Does anybody have a problem with this? I don't have a problem with this.

24 Responses to “Insurance Against Pseudocontext”

  1. on 15 Dec 2010 at 2:36 pmJoe Henderson

    Dan, perhaps I need to go back and reread your definitions from earlier, which I have lost at this point in the chaos that is the end of the semester…

    But to me, I think this question is definitely a start. The larger question, which I have raised over and over here is who’s “world” is the one providing the context? I get the professional’s world and love the idea, but how does that then relate to the world of the student? There’s a translational piece there that’s really interesting to me, and is something that I’m still missing in your definition.

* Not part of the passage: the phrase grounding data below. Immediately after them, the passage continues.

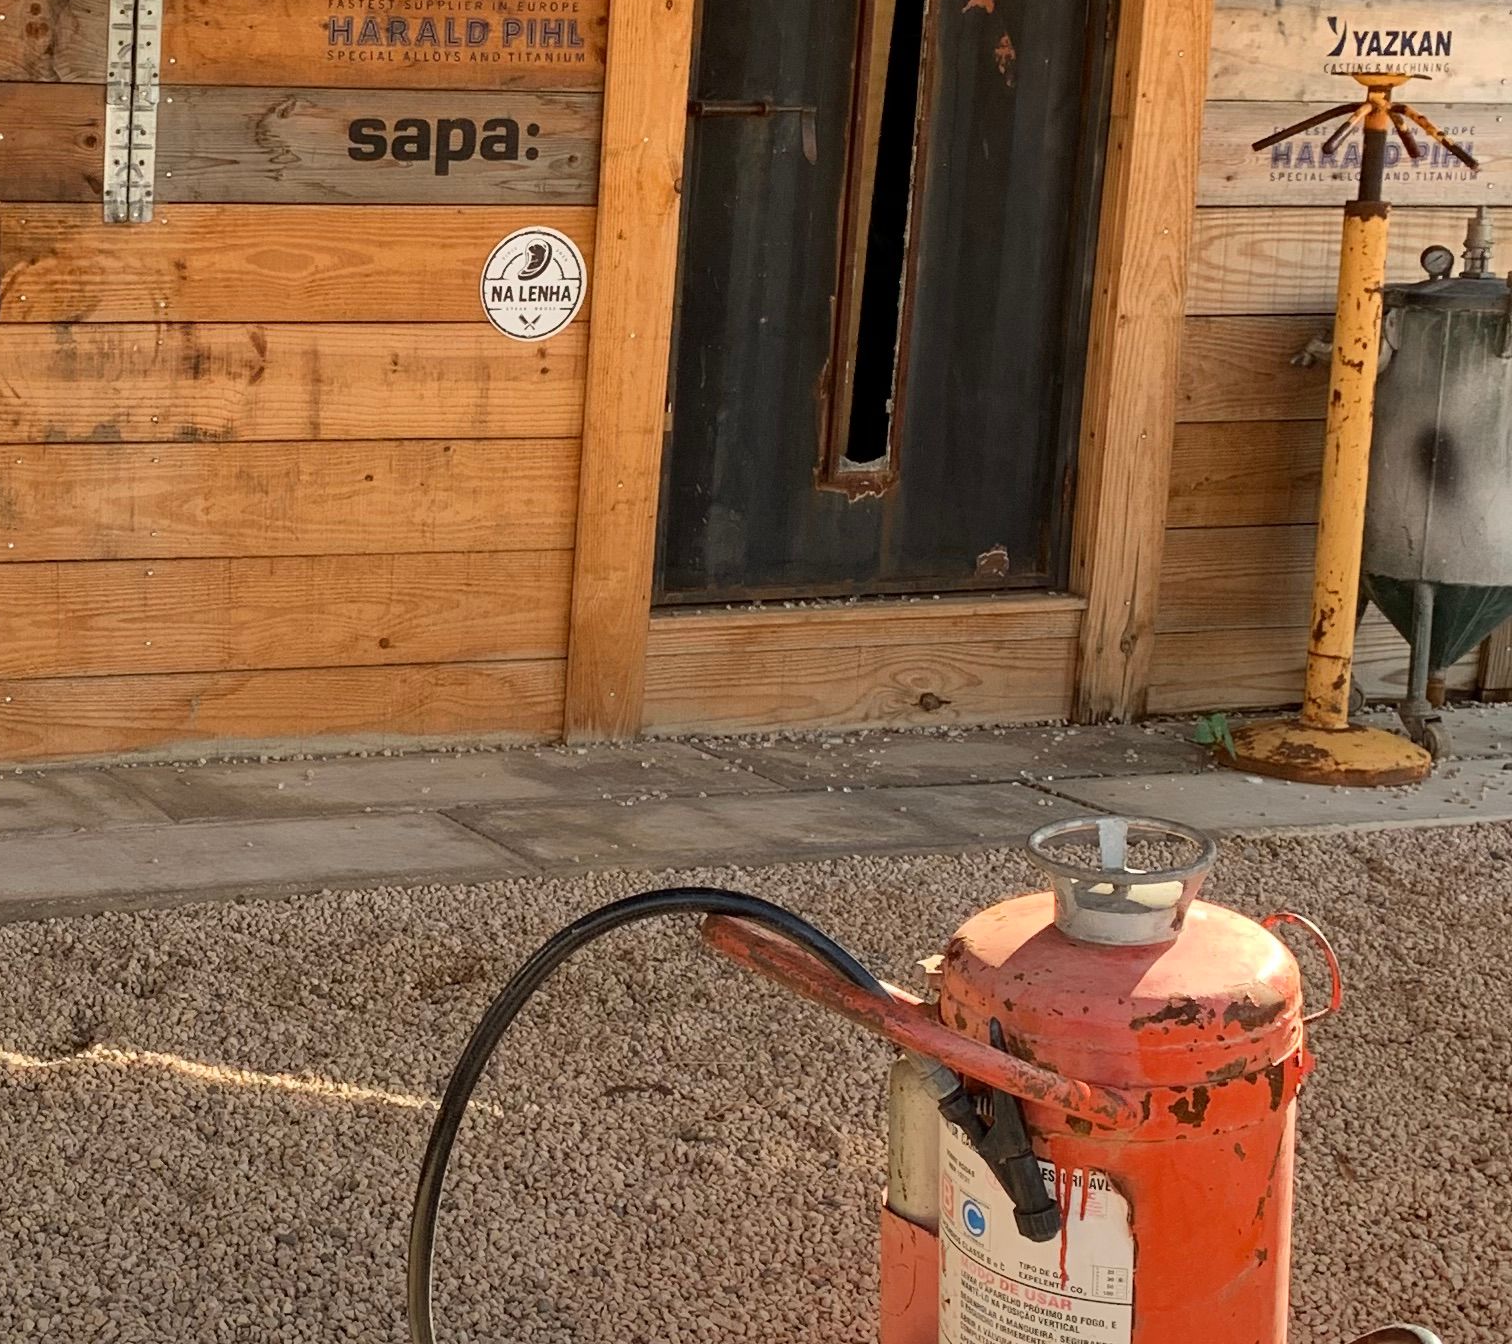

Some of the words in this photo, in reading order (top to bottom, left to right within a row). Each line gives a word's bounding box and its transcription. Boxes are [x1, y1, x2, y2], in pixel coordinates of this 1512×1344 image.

[328, 0, 394, 12] FASTEST
[405, 0, 483, 12] SUPPLIER
[492, 1, 508, 12] IN
[517, 1, 579, 14] EUROPE
[327, 15, 489, 47] HARALD
[502, 18, 585, 49] PIHL
[1353, 30, 1452, 57] YAZKAN
[327, 50, 394, 62] SPECIAL
[402, 51, 462, 63] ALLOYS
[469, 51, 501, 63] AND
[508, 52, 585, 64] TITANIUM
[1324, 62, 1371, 74] CASTING
[1385, 63, 1449, 74] MACHINING
[348, 117, 540, 176] sapa:
[1271, 141, 1401, 169] HARAD
[1269, 171, 1325, 182] SPECIAL
[1385, 172, 1409, 181] AND
[1416, 171, 1477, 182] TITANIUM
[491, 286, 514, 303] NA
[519, 286, 571, 303] LENHA
[1019, 1262, 1037, 1273] TIPO
[1039, 1267, 1049, 1276] DE
[961, 1255, 994, 1284] MODO
[999, 1277, 1019, 1295] DE
[1024, 1288, 1072, 1311] USAR
[1019, 1272, 1065, 1289] EXPELENT
[985, 1286, 1021, 1307] APARELHO
[1065, 1314, 1078, 1323] AO
[1111, 1321, 1117, 1329] E
[991, 1298, 1001, 1308] NA
[1038, 1316, 1080, 1334] VERTICAL
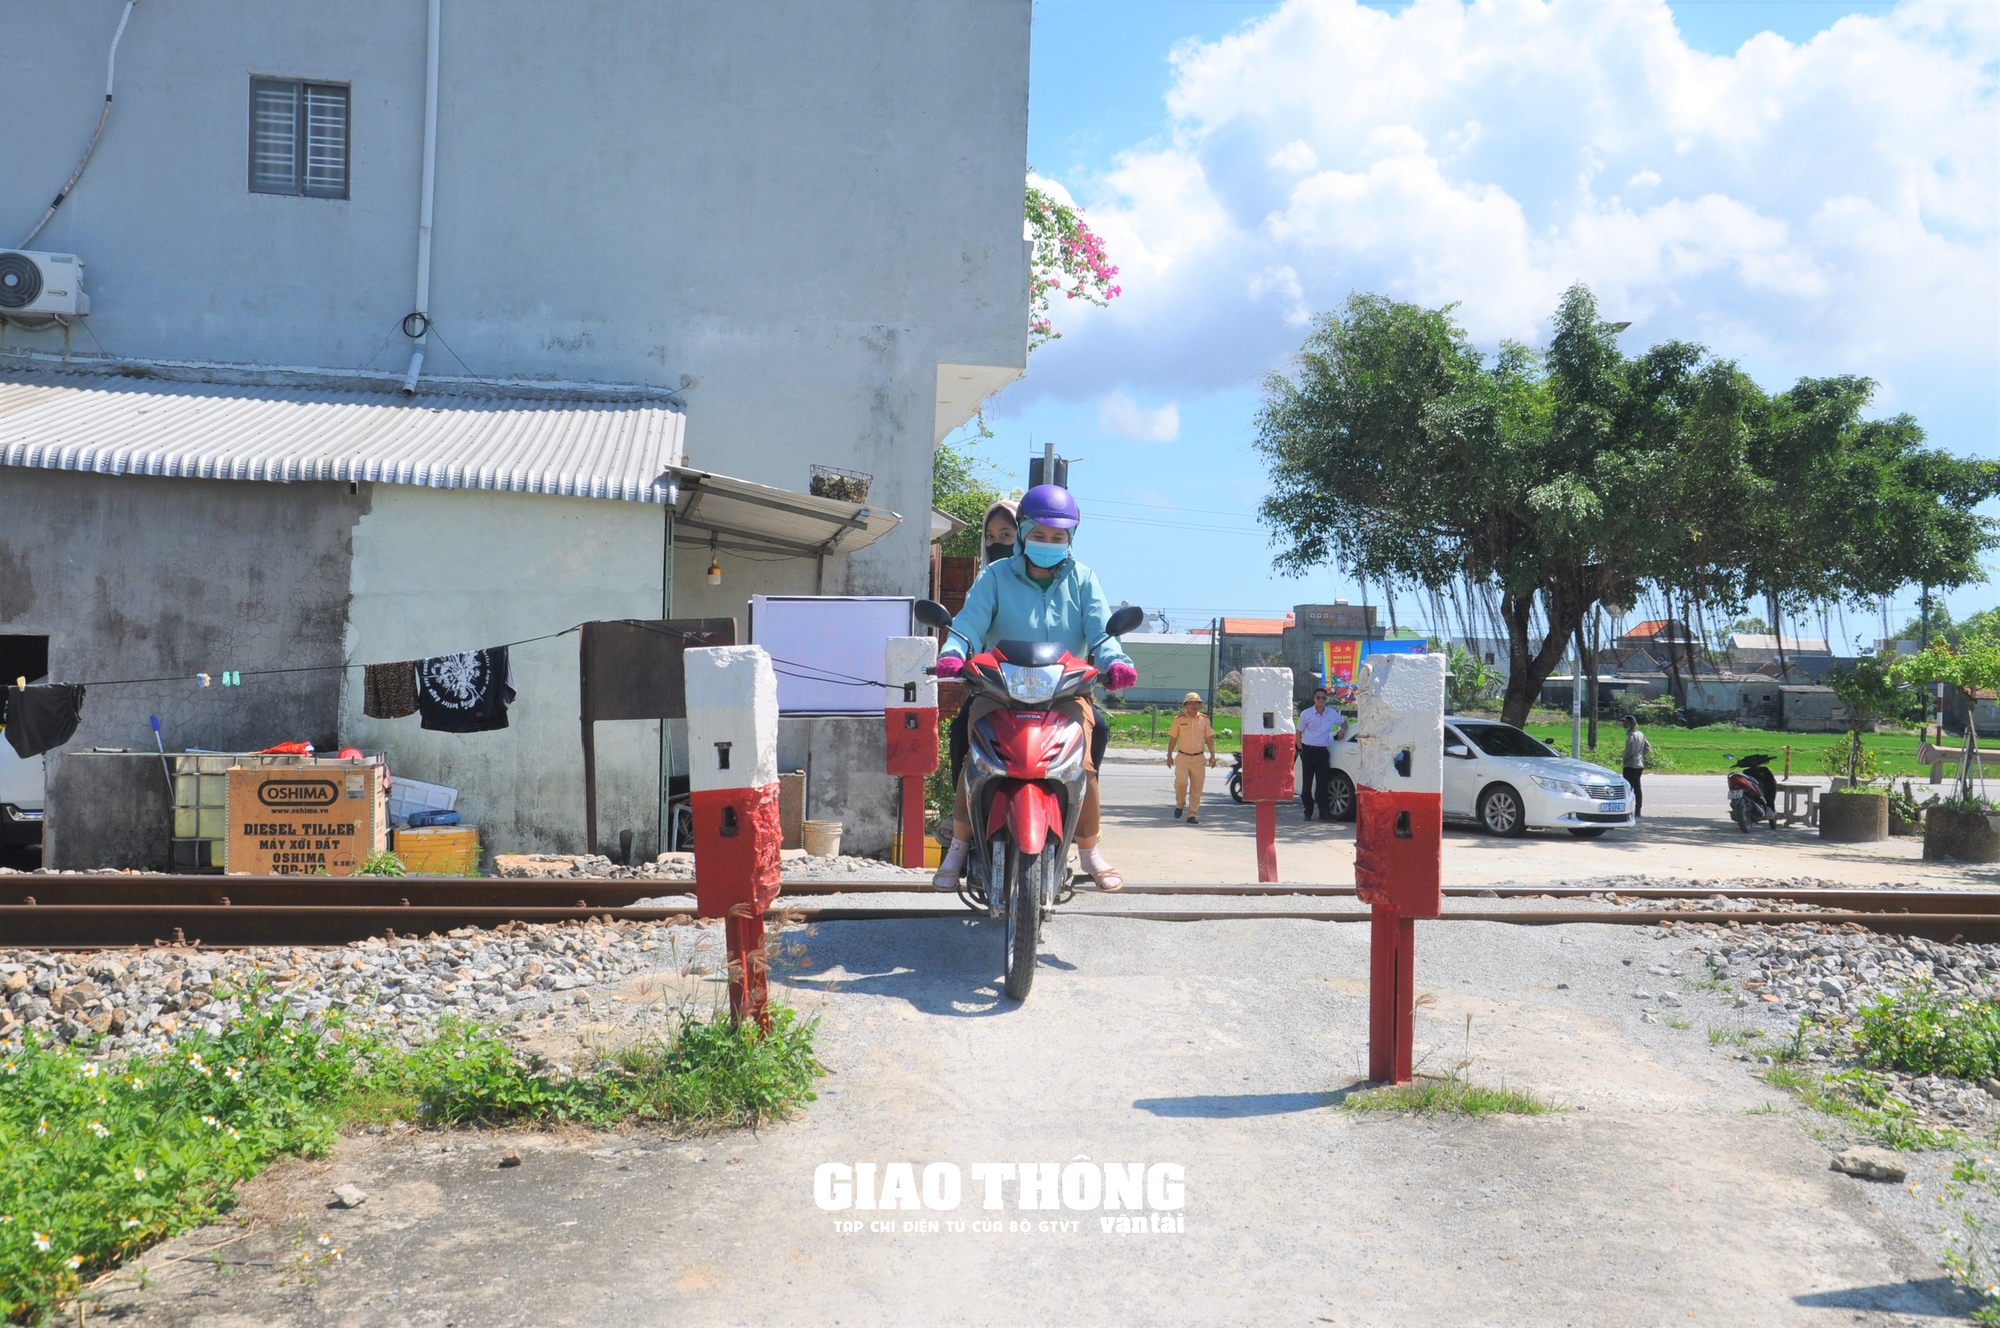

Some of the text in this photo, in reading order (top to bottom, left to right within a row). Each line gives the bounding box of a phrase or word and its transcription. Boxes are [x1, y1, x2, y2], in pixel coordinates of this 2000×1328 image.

[428, 688, 441, 702] days
[441, 700, 459, 710] better
[267, 787, 328, 799] OSHIMA
[244, 823, 355, 836] DIESEL TILLER
[259, 837, 286, 850] MÁY
[315, 836, 340, 850] ĐẤT
[272, 852, 326, 863] OSHIMA

    How do students take ownership over the context?

    Whenever you throw out the WCYDWT, I find myself wondering who exactly the “you” is. I so wish you’d reframe it as WCYSDWT. What can your students do with this? That would be so much more interesting.

    Am I misinterpreting here?

  2. on 15 Dec 2010 at 2:40 pmPeter

    Shouldn’t the conclusion be that a problem from “the real world ™” might be as bad as pseudocontext?

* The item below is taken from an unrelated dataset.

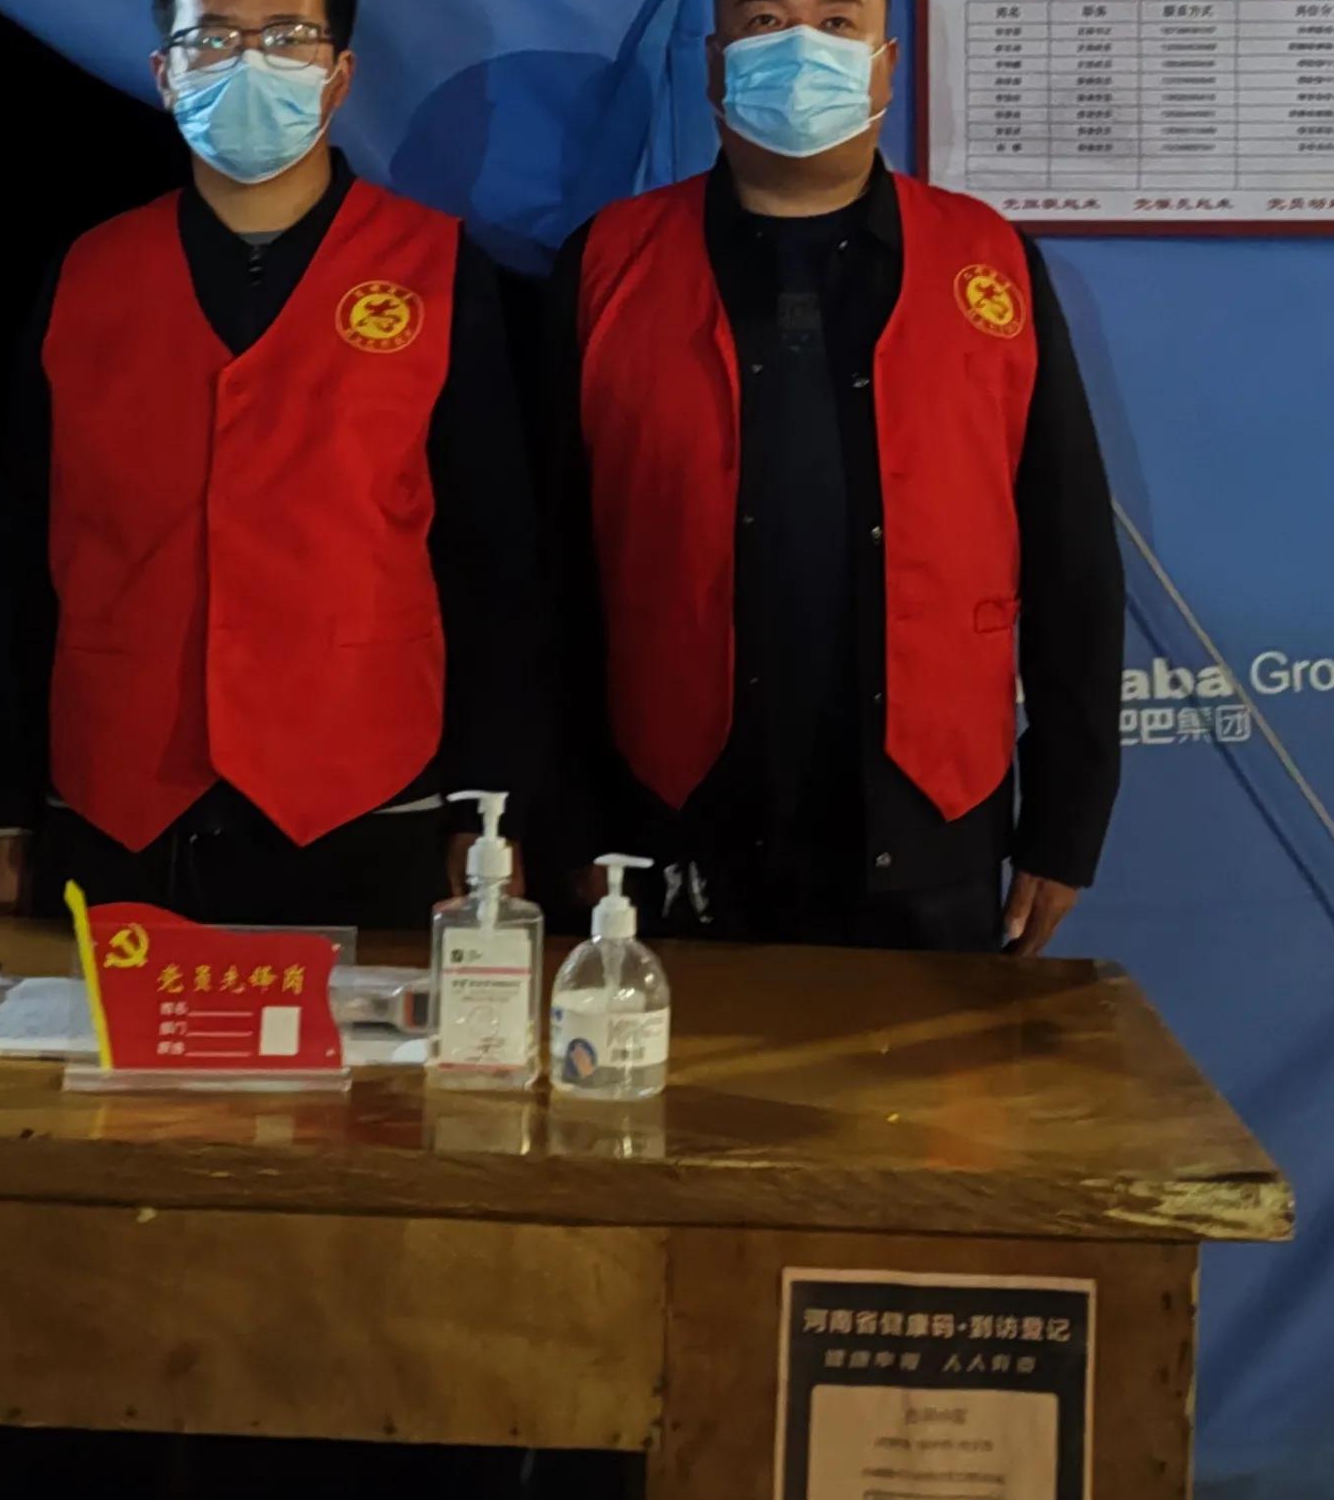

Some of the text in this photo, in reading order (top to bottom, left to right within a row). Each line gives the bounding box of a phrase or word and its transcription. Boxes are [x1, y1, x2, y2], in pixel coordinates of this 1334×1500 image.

[156, 963, 306, 995] 党员先锋岗

    Which would simply indicate that not all real world problems are useful for teaching mathematics (just as not all books are good for a literature class).

  3. on 15 Dec 2010 at 3:10 pmJohn T. Spencer

    Dan,

    When I was a kid, I remember my dad using the formula for the area of a circle and then dividing it by the cost to determine whether or not an Extra Large was a better deal than a large. Before the days of the iPhone, he would carry around a tiny pad of paper just for situations like that.

    This problem was a joke, because anyone who eats pizza knows that regardless of the size of the slice, you’ll still usually eat 2-3 slices.

    Now, the problem was definitely real-world and my dad was a man with a finance degree, so that probably explains the insanity of it. I don’t think it fits the definition of pseudo-context, but it is still a ridiculous math problem.

  4. on 15 Dec 2010 at 4:54 pmBrian

    If anybody does have a problem with this, then I think we’re missing the point of the term “pseudocontext” to begin with. Context is context, even if it seems weird to those of us who wouldn’t normally encounter a given scenario.

    However, it’s likely the case that our students also have not encountered these scenarios, which is why giving the proper framing is key to them. How can we wash away any stains of potential pseudocontext when the situation is, in fact, completely contextual? Also, does it matter if we do that or not?

  5. on 15 Dec 2010 at 5:47 pmDonovan from VI

    Most real world problems like these could be tweaked to make investigations with assessments for students. I’ll be trying a modified version of the oil tank problem with my geometry students and another version with my advanced algebra students.

    The pizza problem isn’t completely ridiculous and could be salvaged. I’d like to see what I can do with it for my geometry class.

  6. on 16 Dec 2010 at 5:19 amBenoit

    @John T. Spencer:

    the problem of comparing the cost per square inch of the pizza is not a ridiculous problem. You may think that it doesn’t matter but that doesn’t mean that everyone think the same way. In particular, I know some very skinny people (and I was one of them) for whom the calorie count is important. Some times, I was trying the calorie yield for my dollar.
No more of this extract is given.